时间:2026-03-03 10:37:15  作者:酒晚意
  他听到身后追来的脚步声和兵刃交击声,不能回头,便继续在心中估量着水榭屋顶的长短,连廊的间隙。
  下一刻,身形已成功腾跃过第二座水榭,冷风灌入耳中,天地间仿佛只剩湖水拍岸的声响,隐约指引着前路方向。
  “他跑了!”
  “他眼睛都看不见,一个瞎子能跑到哪去!?”
  “不行,快追!”
  ……
  一座,两座。
  他凭着记忆,在心里暗暗数着,在这种情况下还要在水榭之间跳来跳去,洛千俞都要佩服自己这大胆的决定,他感受着脚下的触感从檐瓦换成木梁,又从木梁换回石瓦。
  没记错的话,湖岸之沿,共有九座水榭。
  直到最后一步踏空,小侯爷堪堪稳住身形,倒退一步,准准停在第九座水榭的屋顶。
  少年心中推测着,前方大概再无去路。
  身后刺客显然没料到这招,已然分出人手追来,如影而至,很快,冷冷狞笑:“走投无路了罢?看你还往哪儿跑!”
  洛千俞心中确定,这是最后一处水榭了。
  他走到了尽头。
  今夜的进士宴,皇帝在殿内湖心亭处,离这儿有些距离,远到需要渡船而行,自古至今,无论是刺客还是叛贼,定然目标明确,最终要奔着帝王而去,可这群刺客却对他如此执着,眸露杀意,穷追不舍,直将人逼得走投无路,尚不肯罢休。
  ……分明是奔着他来的。
  一个纨绔世子,何来遭来叛贼这般怨恨?
  仅是顷刻,便有接连跃上水榭的脚步声,洛千俞听闻声响,心中一紧,自己似乎又包围了。

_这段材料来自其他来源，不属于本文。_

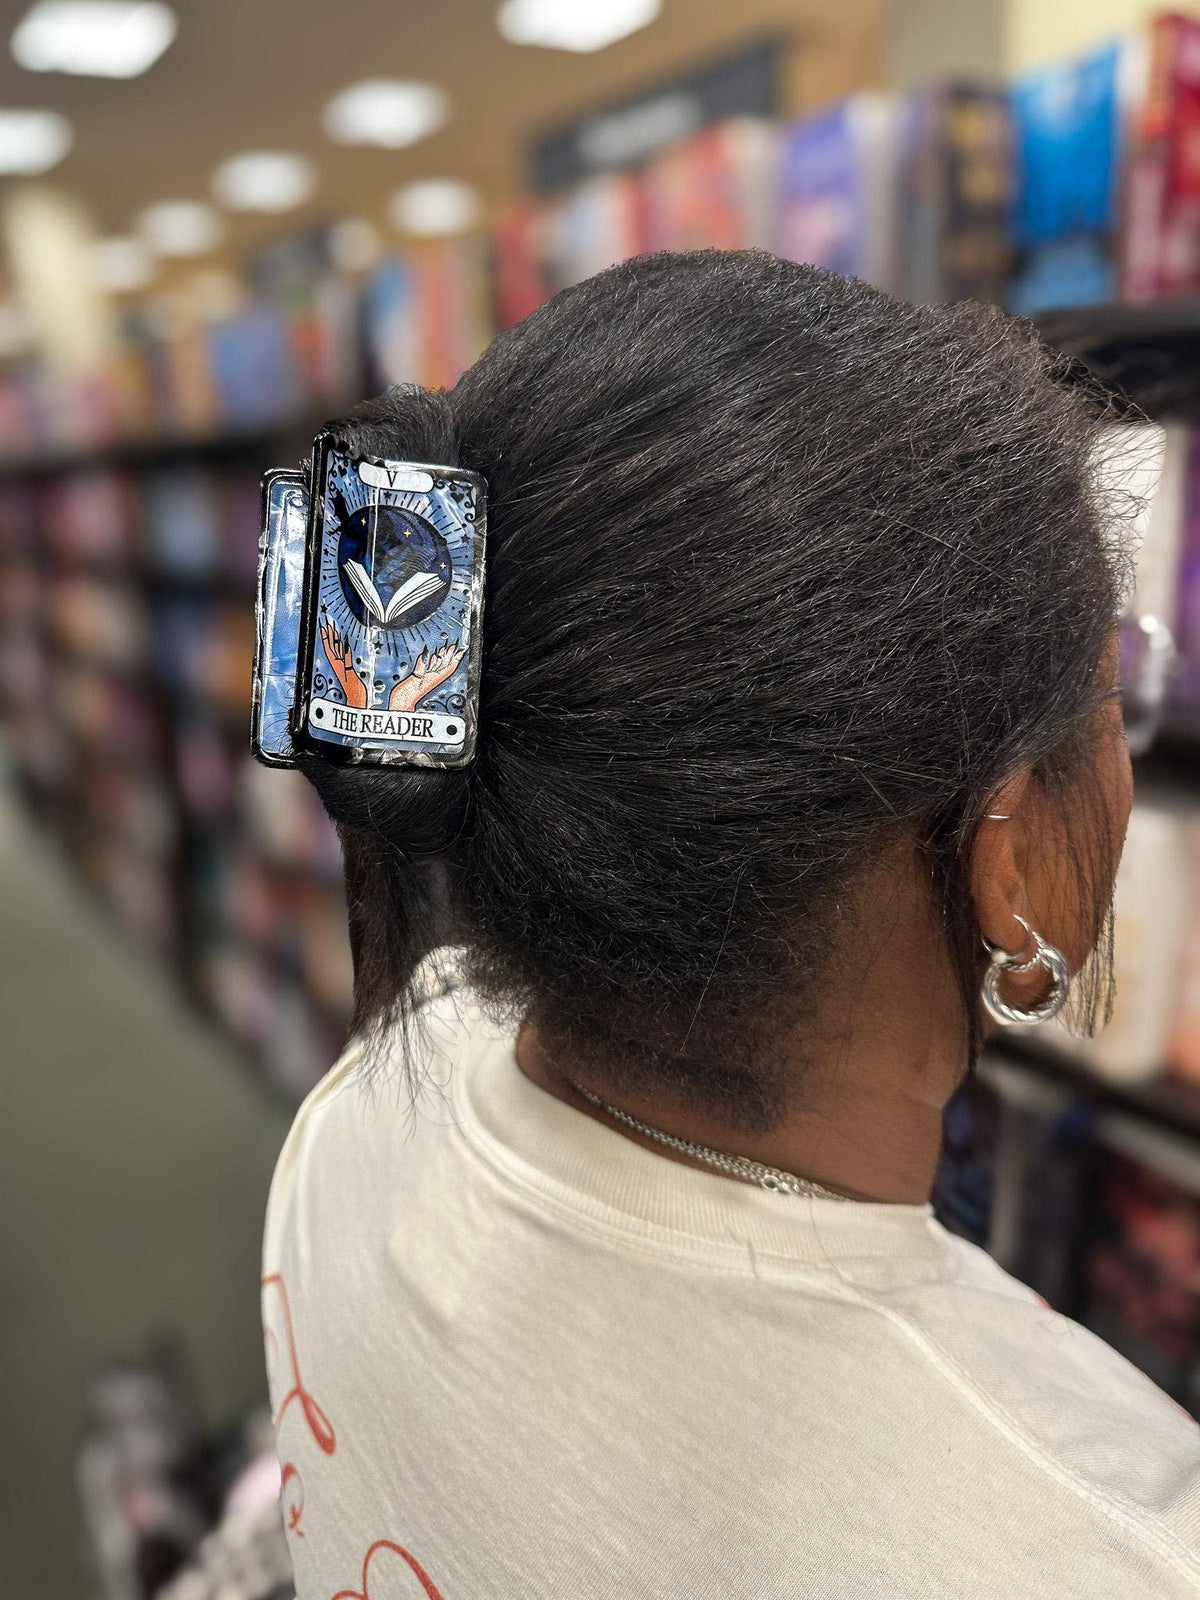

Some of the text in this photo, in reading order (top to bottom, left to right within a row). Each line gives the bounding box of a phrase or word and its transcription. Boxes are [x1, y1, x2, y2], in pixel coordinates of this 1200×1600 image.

[386, 470, 398, 488] V
[333, 708, 434, 738] THE READER

  局势好似又回到最初,但小侯爷并不后悔,这样一来,好歹是分走了部分围攻洛十府的人手,他弟弟比他更有希望活下来。
  到底有多少刺客?
  这小侯爷难不成还有仇家?
  ……
  怎么办,闭眼打?
  就连影视剧里武功深不可测的主角,翻看几个人生镜头里的高光,也极少会出现蒙眼应战的片段,即便被逼到绝境……毕竟太难了。
  可闻钰只教过他一次。
  那时,小侯爷叫来了府中几个小厮,分别让他们各拿了柄木剑,他系上眼布,如同闻钰所说的那般立身,感受着吹过的风声,拂起的柳叶,警觉四面八方随时可能袭来的攻击。
  可惜,仅交手四五招,便失败了。
  小厮虽被命令不许放水,可依旧忍不住,小心翼翼悠着力道。饶是如此,小侯爷后背被抽了一道,还被打了下巴,这下有点重,那时鼻尖一热,少年单膝点地,差点疼得掉了眼泪。
  他后来还问闻钰:“为什么练这个?我双目清明,视力好得很,永远都用不上。”
  闻钰却将他用过的黑布缠在眼睛上,低声道:“我也想让少爷永远用不上。”
  他声音极轻:“且看我就好。”
  “……”那群小厮一见换了人,互相对视一眼,喉结滚圈,手中木剑蠢蠢欲动,下一瞬,他们一齐涌上!
  这次则是毫不留情。
  挥剑生风,毕生所学都恨不得用出来了。
  可恶,小侯爷对这个闻侍卫这么好,偏爱的如此明显,他们早就看这人不顺眼好久了!
  ……
  几息过后,小厮们已东倒西歪趴坐一团。
  有的捂着胸口直抽气,有的不住地干咳,手中木剑早断成了几截,更有几个挣扎半晌,竟是连站都站不起来。
  洛千俞瞳仁一颤。
  他支着下巴,就那么静静盯着蒙眼的闻钰,甚至愣了神。
  …
  …
  洛千俞指尖紧扣扇骨,指节因用力泛白。
  他猛地闭紧眼,闻钰那时的模样重新掠过脑海,将生死置之度外,摒弃杂念的刹那,听觉与触觉也似乎清晰了起来。
  周遭风声拂起,牵动衣袍的细微声响从三个方向逼来——
  左侧刃风最急,少年手腕翻转,折扇“唰”地展开,扇骨精准磕在刺来的剑刃侧面,借力划身的同时,扇尖如一页滚刃,直戳对方肩颈一侧。
  一声闷哼未落,背后恶风已至,少年靴尖点地,拧腰,避开要害的瞬间,他折扇反抽,重重砸在另一人后脑。
  最后一人趁他旧力方泄,长刀劈向面门,洛千俞微微蹙眉,却似背后长眼,矮身侧滚,折扇自下撩起,带着破风锐响,狠狠钉入对方心口。
  几息之间,围上来的刺客已无声倒地。
  洛千俞刚稳住身形,肩头忽然传来一阵撕裂般的剧痛。
  “噗嗤。”
  剑锋穿透血肉,触感先是冷,后是热,但剧痛也如潮水瞬间淹没四肢百骸。
  少年闷哼一声,肩头的血迅速浸透青色锦袍,温热液体顺着手臂往下淌,滴落檐瓦之上。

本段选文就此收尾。